俺がカゴを持つと、杏は慣れた手つきで紅茶のティーパックやインスタントコーヒー、二ℓの水やカップ麺をカゴの中に入れた。そしてすぐさま会計だ。もちろん俺が払う。それほど大した額ではなかったので、安心した。杏といると、何だか心地いい。災厄神だと分かった今でも、付き合いたいと思ってしまうくらいだ。駅からの帰りに、杏は俺の財布を見て笑った。俺の財布には、大きめの鈴が付いている。最近はスマホやカードでの決済が多いから、財布を持ち歩かない人もいると聞く。そんな中で、財布に鈴だ。以前は財布を落とした時に気付くようにと、財布に鈴を付けている人もいたらしいが、今は全く見かけない。しかも、財布と鈴の大きさが、アンバランスだ。杏も、それを見て笑ったのだろうと思った。俺も苦笑していると、杏は思いもよらないことを言った。


「今は守られてるんだもんね」

「え?」

「柳がすんなり私との同室を許したのも、拓磨に私が何もできないって知ってったから。それに、私の方も柳と拓磨が一緒にいることを許したのも、それがあるから」

「そう、だったのか」


 俺はまじまじと鈴を見た。これは椿と俺のつながりだ。もしかして、この鈴は媒介の役割をしていて、椿の座敷童としての力が、離れていても通じているのかもしれない。世に言う結界、ゲーム的に言えばバリア機能のようなものがあるのだろうか。

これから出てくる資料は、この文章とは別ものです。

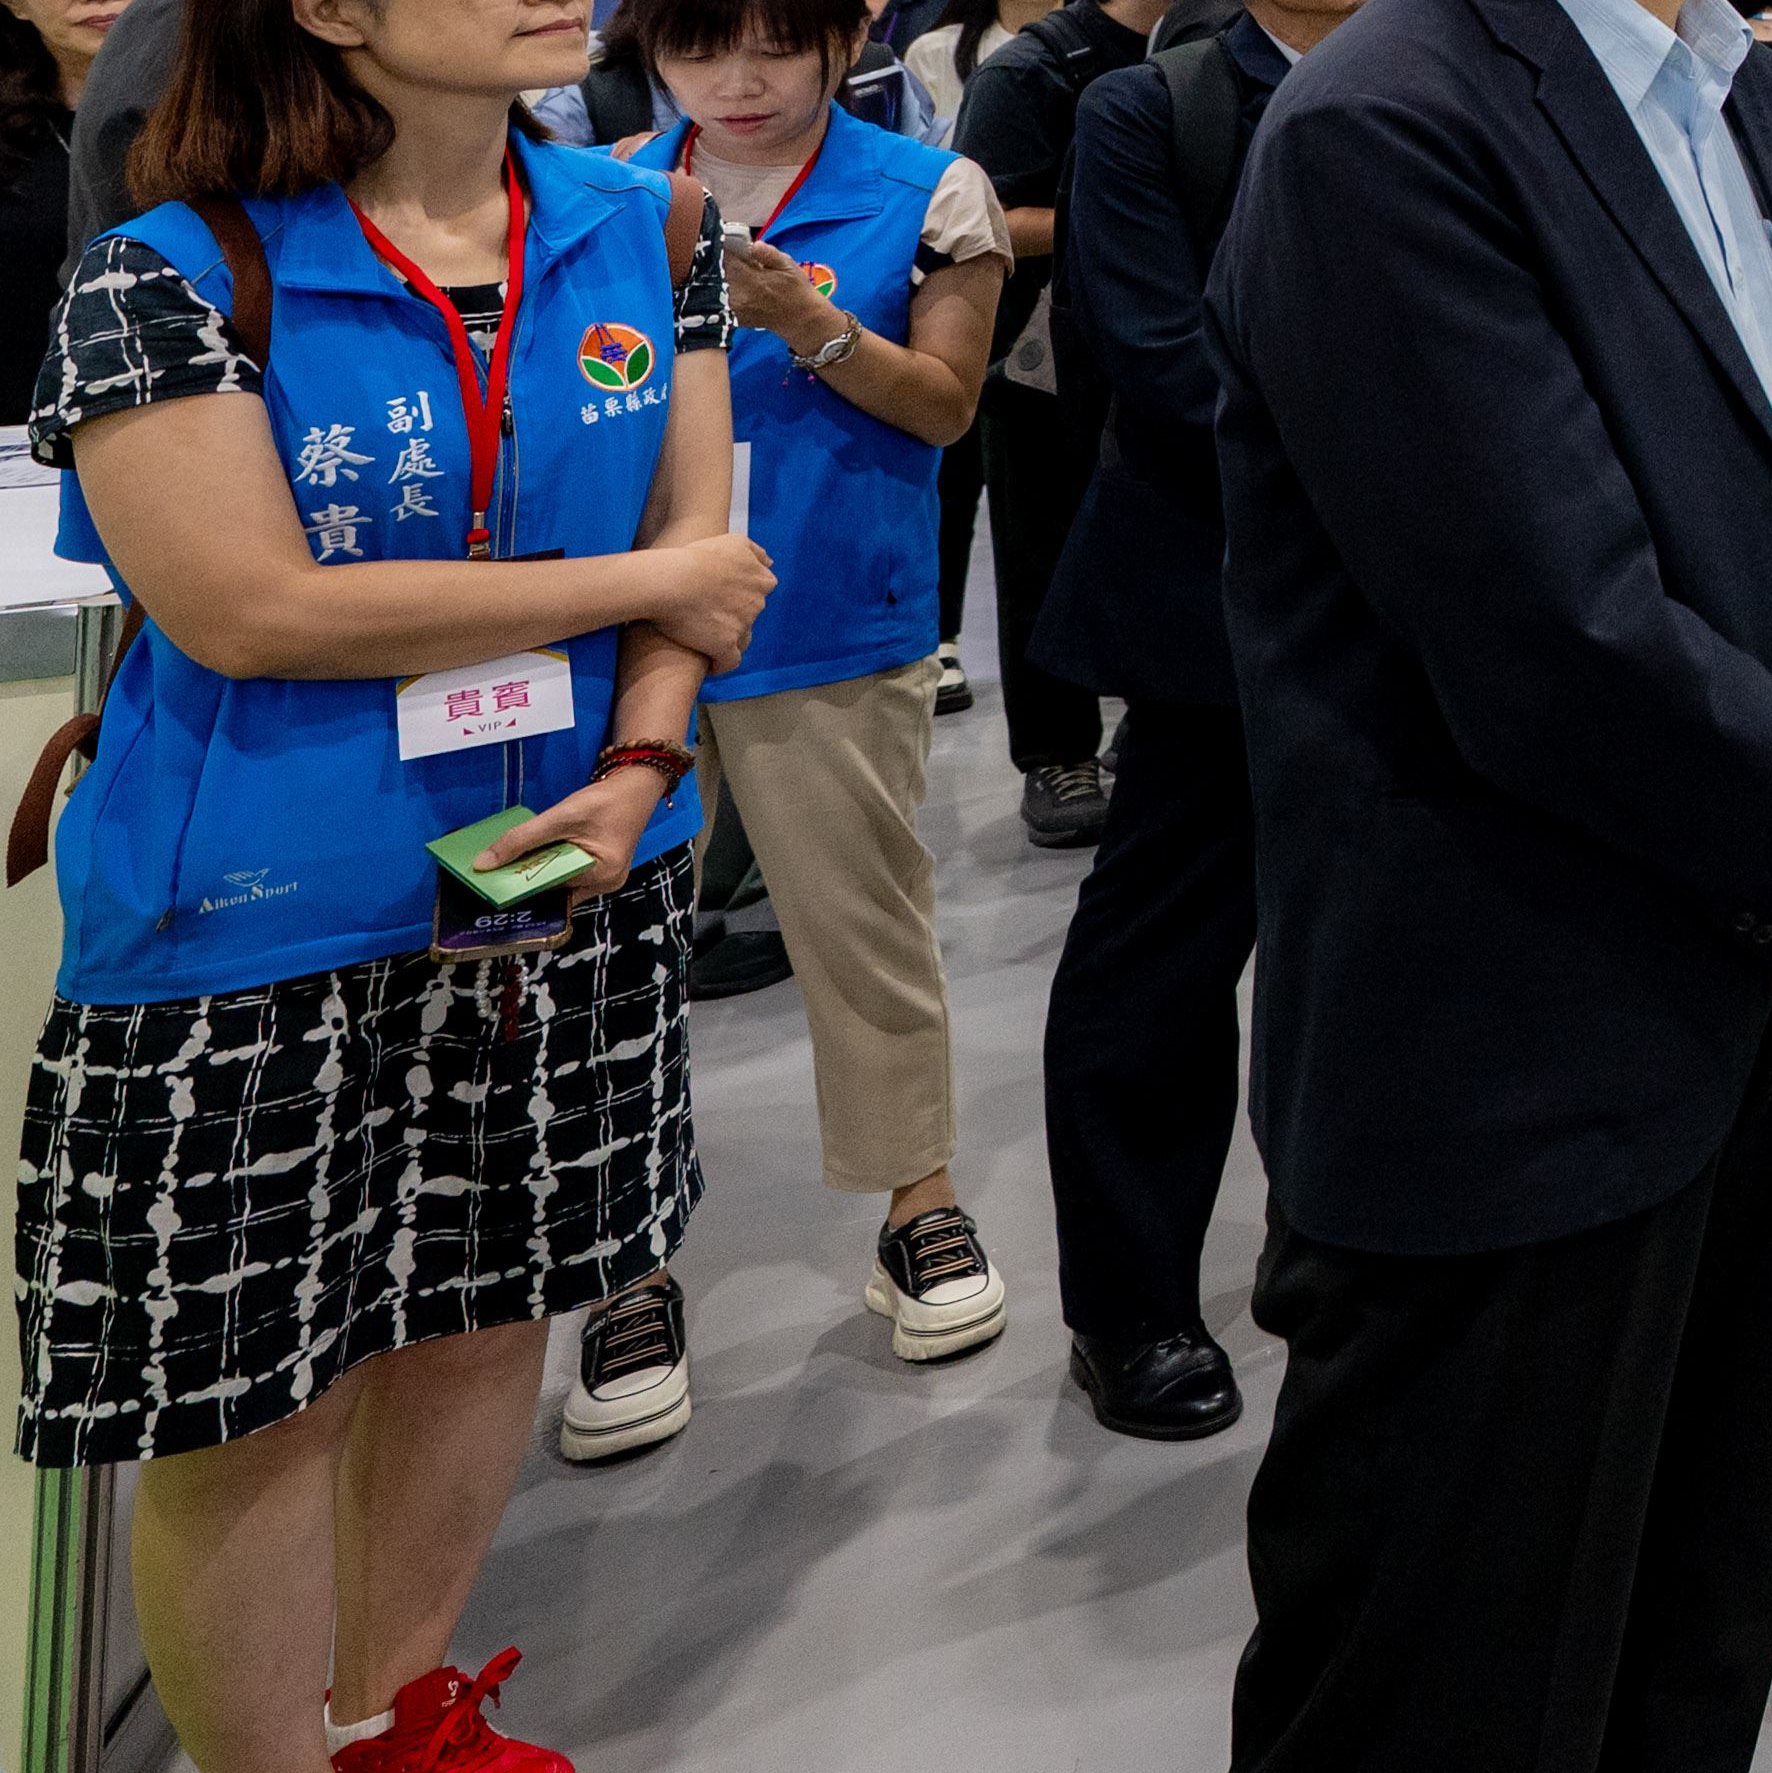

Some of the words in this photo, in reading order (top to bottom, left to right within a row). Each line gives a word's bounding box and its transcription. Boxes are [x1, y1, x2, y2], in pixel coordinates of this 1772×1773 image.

「でも、変ね。何だか保護の力にむらがあるって言うか、強弱を繰り返している気がするの。良かったら、今一緒にいる子のこと、ちょっと教えてくれない? ああ。名前は教えなくていいわ」


 ホテルの部屋に帰って、俺たちは茶を飲みながら座敷童について話した。名前は、俺がその座敷童に与えた物で、他の神々に知られない方がいいだろうと、杏は言った。名前が知られた方は、それだけで力が弱くなってしまうと言う。災厄神の割に、こうしたことまで考えてくれるのだから、やはり杏は人間として出来ている。あ、神様として、よく出来ている、の方が正しいのか。